[Stored data]

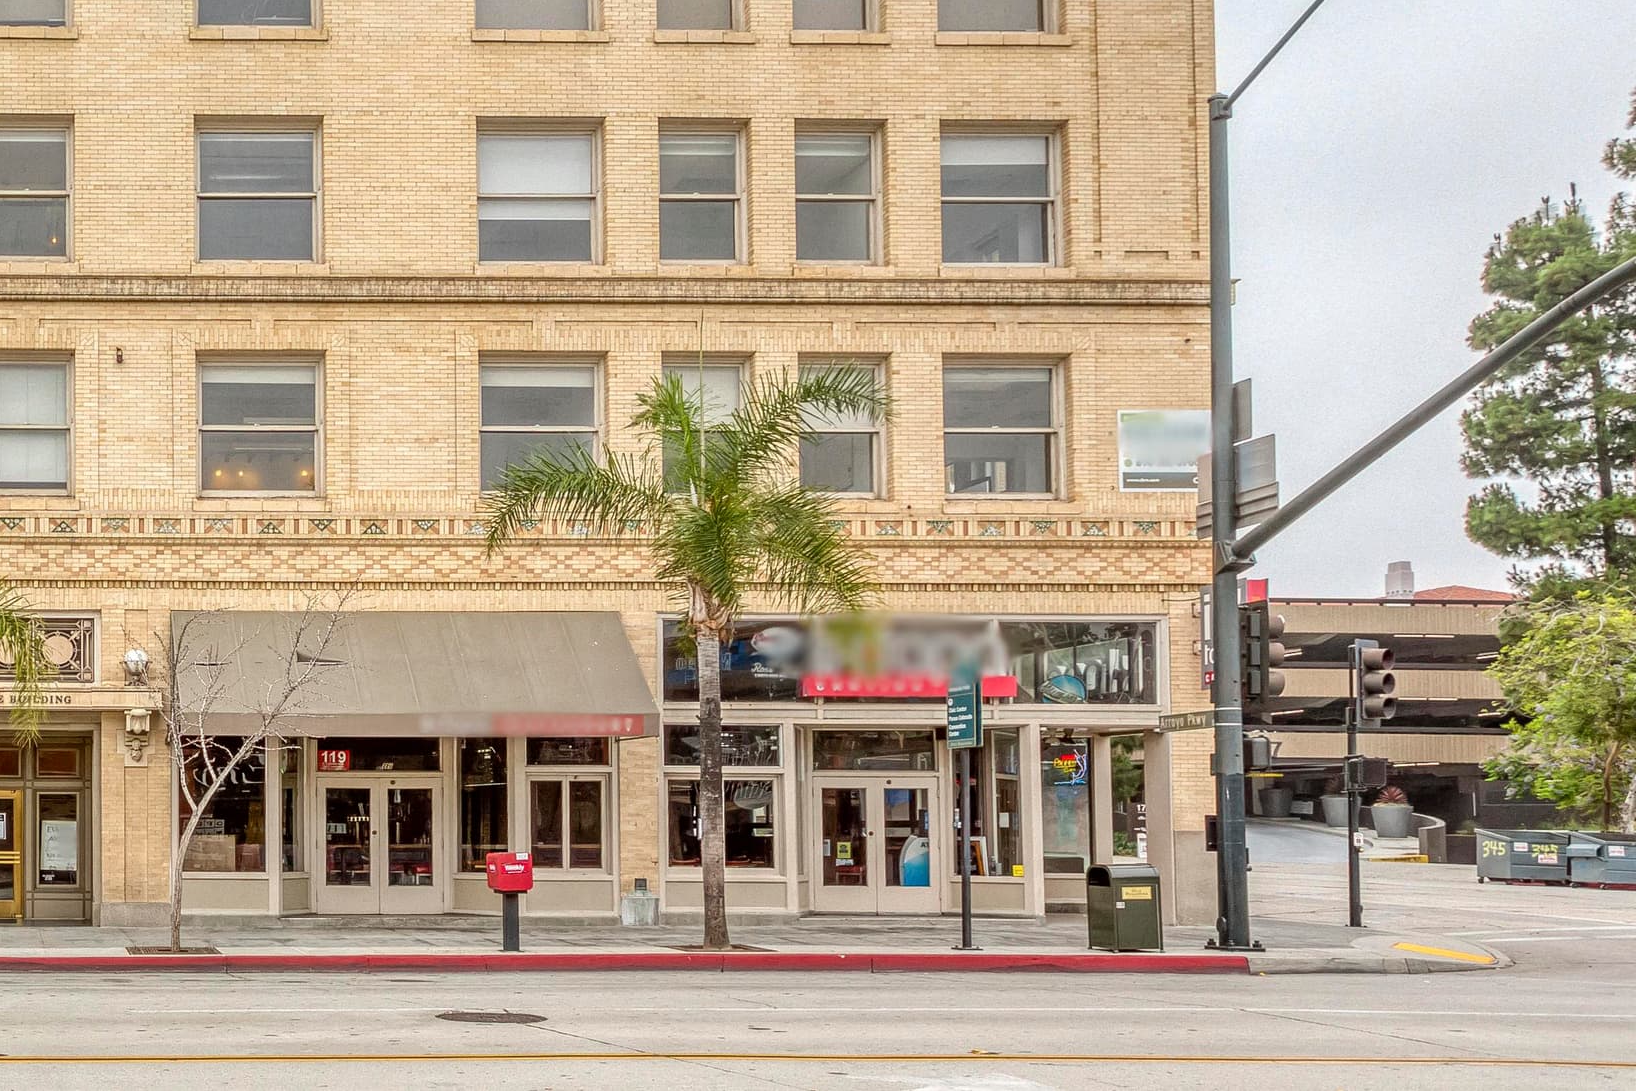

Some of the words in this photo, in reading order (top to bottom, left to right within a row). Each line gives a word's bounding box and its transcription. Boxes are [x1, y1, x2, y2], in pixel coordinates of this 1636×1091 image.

[1160, 717, 1184, 730] Arroyo
[1187, 713, 1206, 727] Pkwy
[321, 751, 347, 763] 119
[1482, 840, 1506, 858] 345
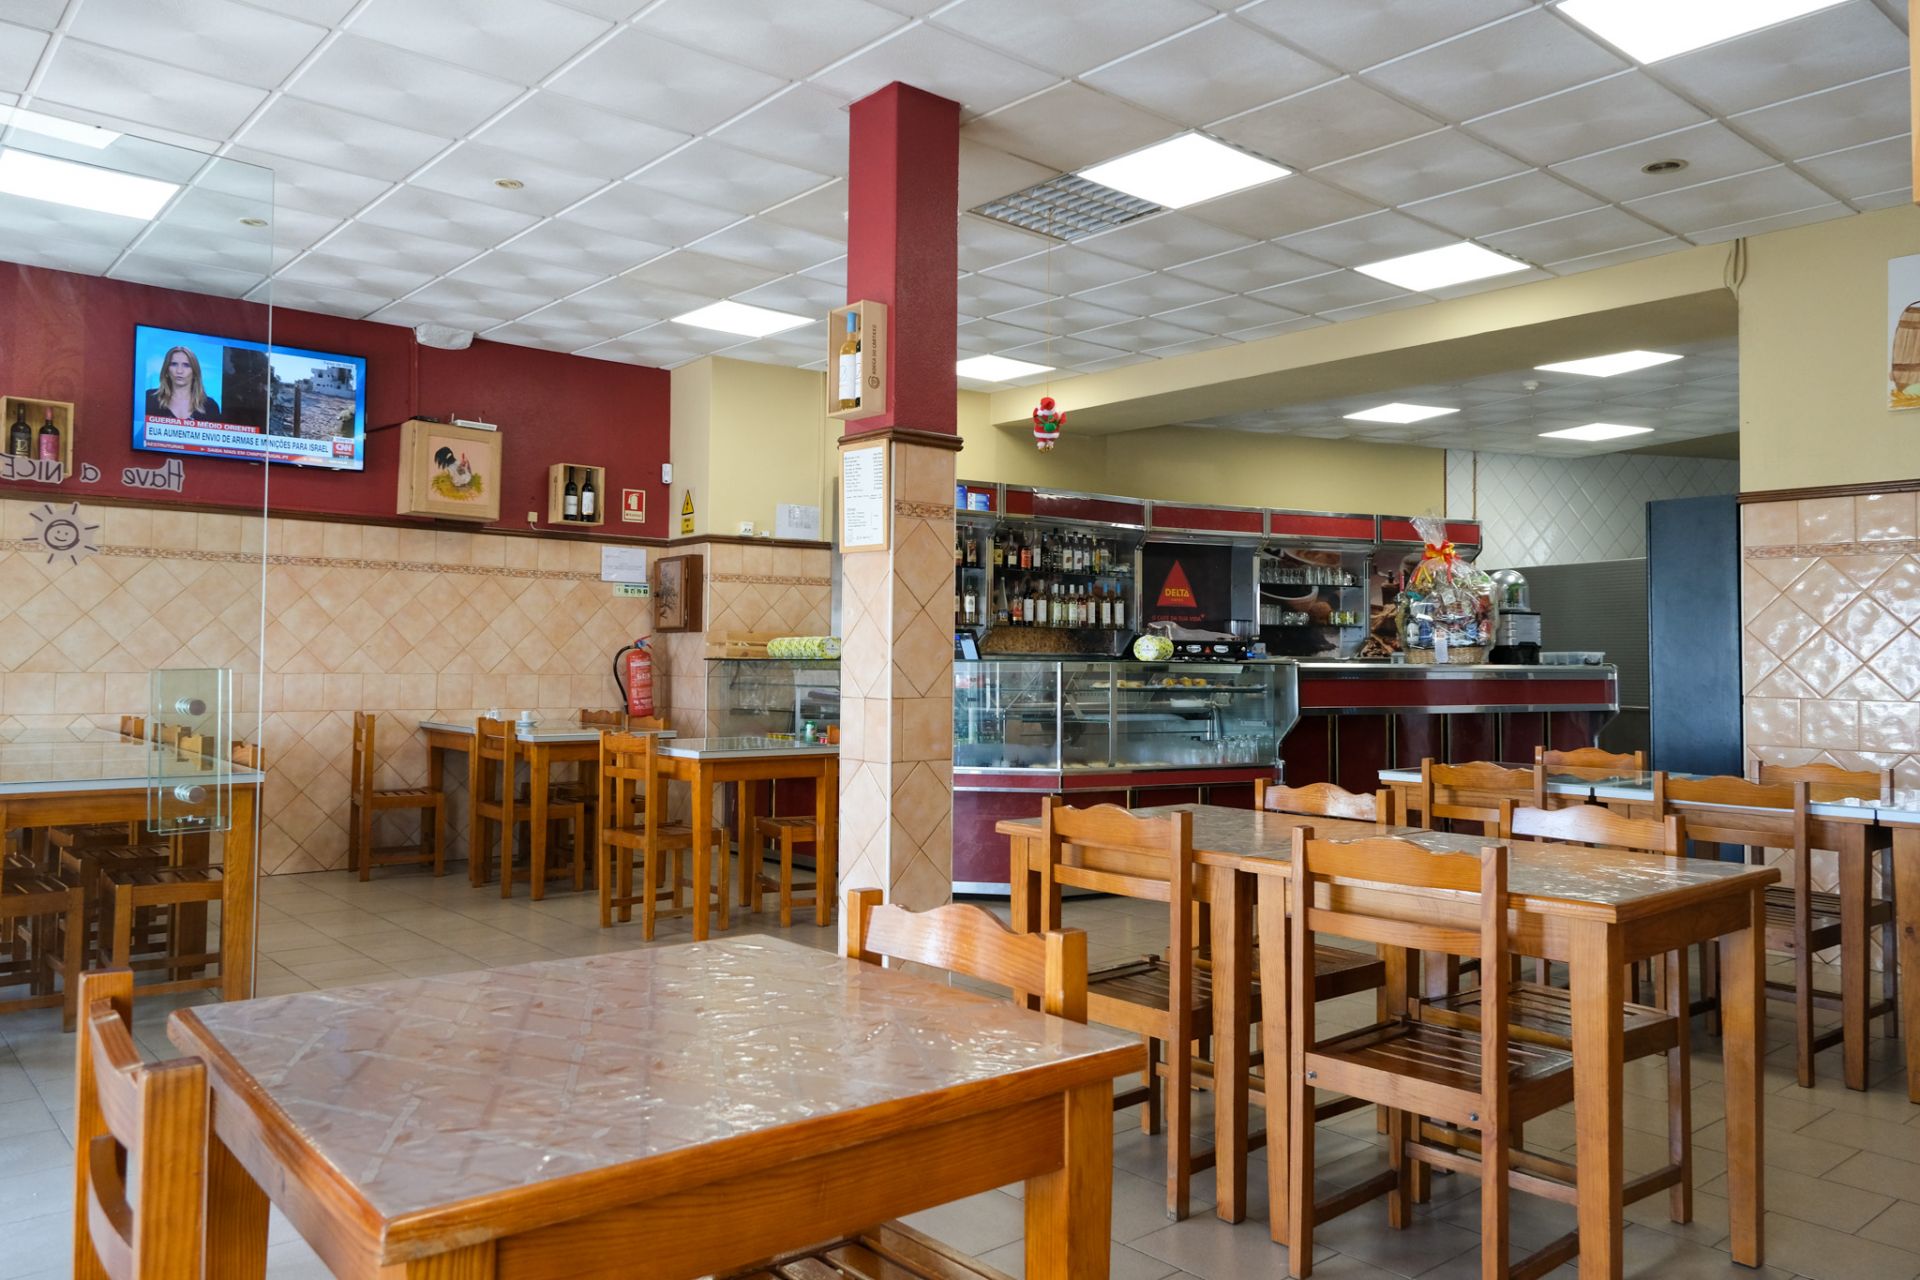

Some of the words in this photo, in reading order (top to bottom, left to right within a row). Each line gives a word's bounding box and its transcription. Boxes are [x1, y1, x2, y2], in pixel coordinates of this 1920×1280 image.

[149, 416, 182, 425] GUERRA
[197, 420, 223, 430] MÉDIO
[224, 423, 257, 433] ORIENTE
[148, 427, 162, 436] EUA
[163, 428, 200, 440] AUMENTAM
[202, 432, 220, 442] ENVIO
[222, 435, 231, 443] DE
[232, 435, 254, 446] ARMAS
[292, 441, 307, 451] PARA
[309, 443, 328, 453] ISRAEL
[335, 443, 352, 452] CNN
[1164, 588, 1190, 597] DELTA
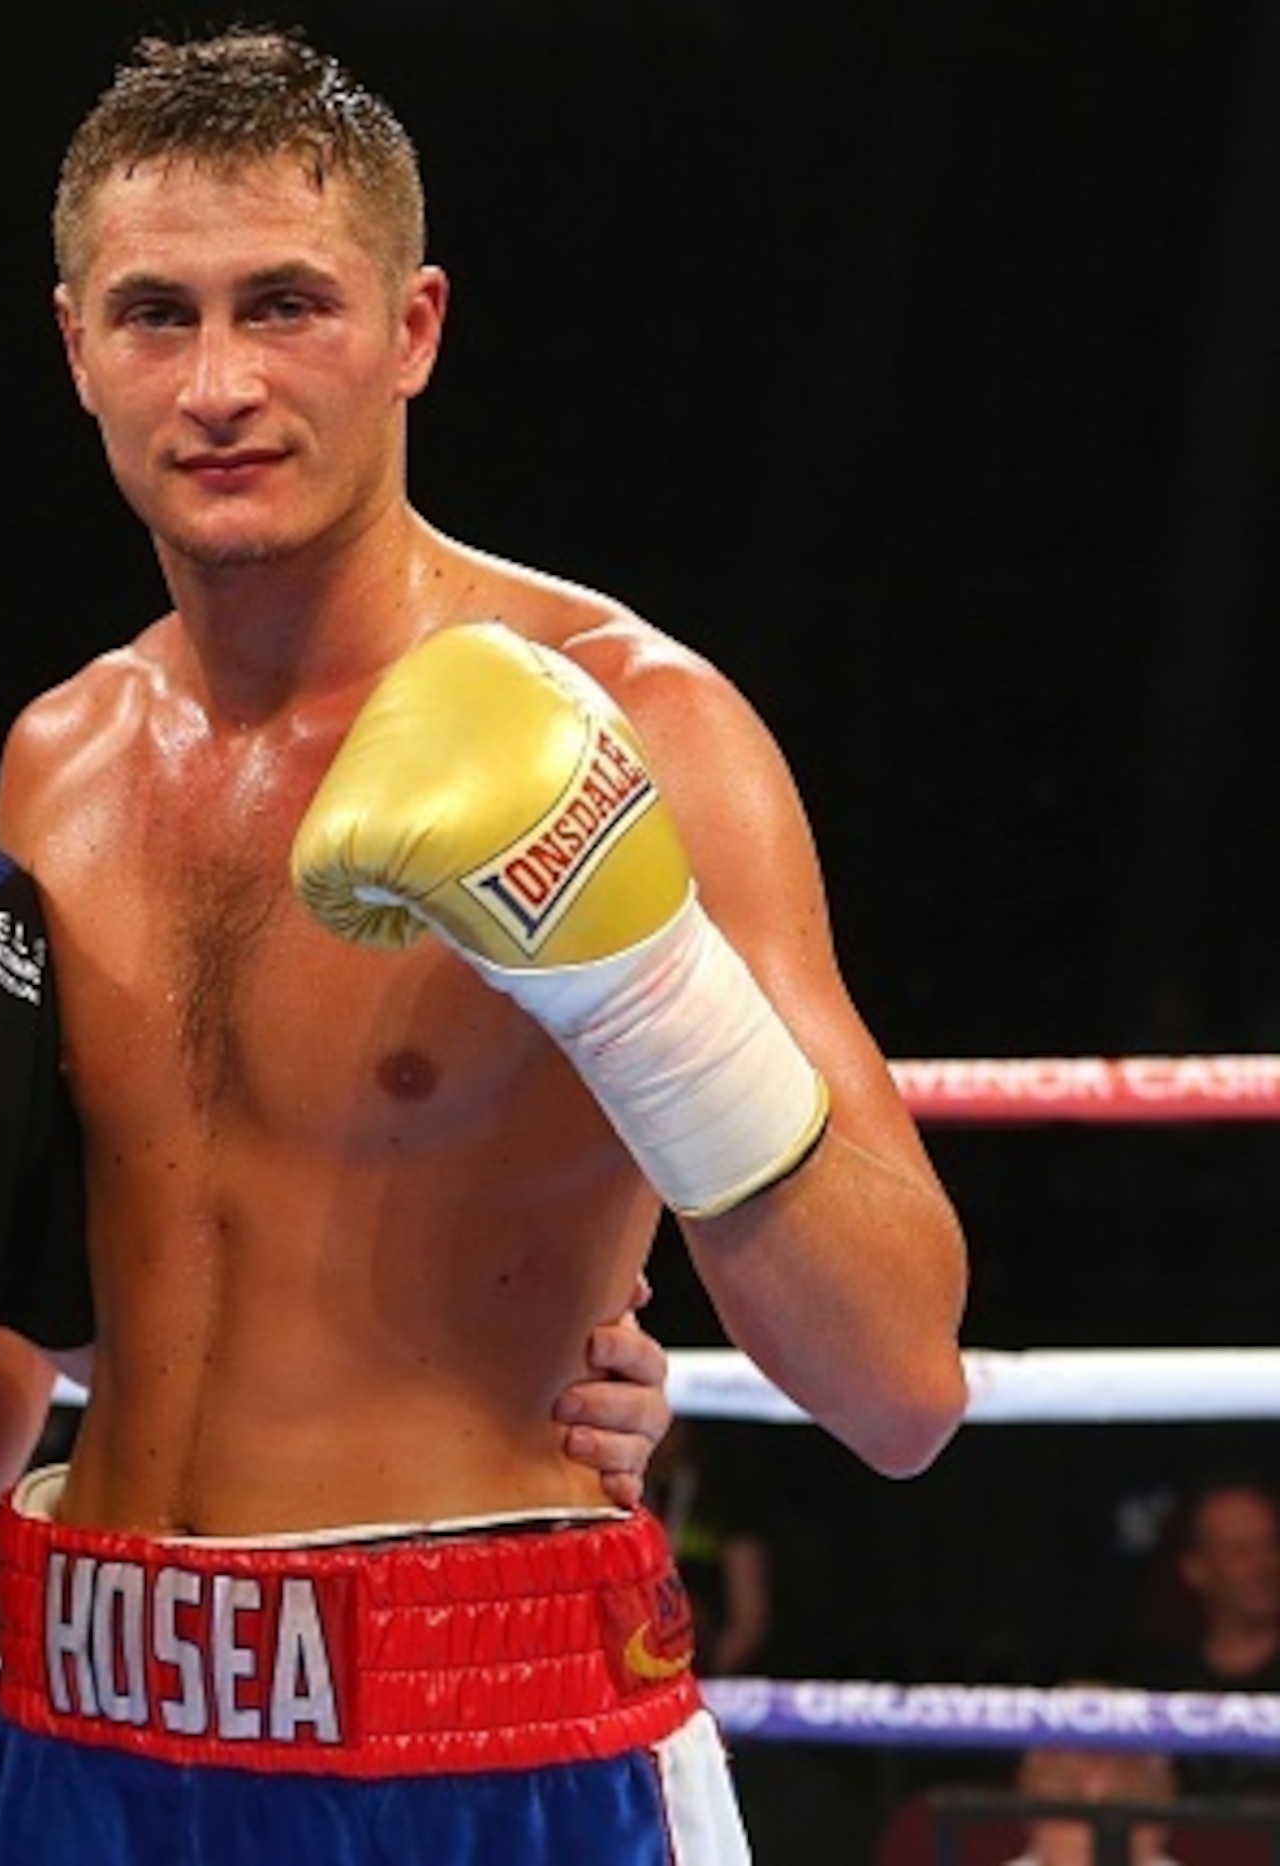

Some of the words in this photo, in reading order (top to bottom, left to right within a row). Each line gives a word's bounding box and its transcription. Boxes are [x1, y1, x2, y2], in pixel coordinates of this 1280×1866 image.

-- TASK INSTRUCTIONS --
Excluding the pictures, transcribe all of the entries exactly.

-- SOLUTION BELOW --
Some of the words in this photo, in reading order (top to bottom, left to right within a row). Each line gives a word's bounding box and its transcription. Boxes are [x1, y1, x2, y2], in pixel coordinates of this 1636×1091 image.

[1160, 717, 1184, 730] Arroyo
[1187, 713, 1206, 727] Pkwy
[321, 751, 347, 763] 119
[1482, 840, 1506, 858] 345

Some of the words in this photo, in reading order (top to bottom, left to right within a row). Each line gives a word's bounding box and its transcription. Boxes are [x1, y1, x2, y2], in pixel coordinates of this 1920×1280 image.

[149, 416, 182, 425] GUERRA
[197, 420, 223, 430] MÉDIO
[224, 423, 257, 433] ORIENTE
[148, 427, 162, 436] EUA
[163, 428, 200, 440] AUMENTAM
[202, 432, 220, 442] ENVIO
[222, 435, 231, 443] DE
[232, 435, 254, 446] ARMAS
[292, 441, 307, 451] PARA
[309, 443, 328, 453] ISRAEL
[335, 443, 352, 452] CNN
[1164, 588, 1190, 597] DELTA

Some of the words in this photo, in reading order (top to bottom, left to right within a row). Each line gives a word's bounding box and its transcription. Boxes are [x1, y1, x2, y2], in pixel coordinates of this 1280×1866 image.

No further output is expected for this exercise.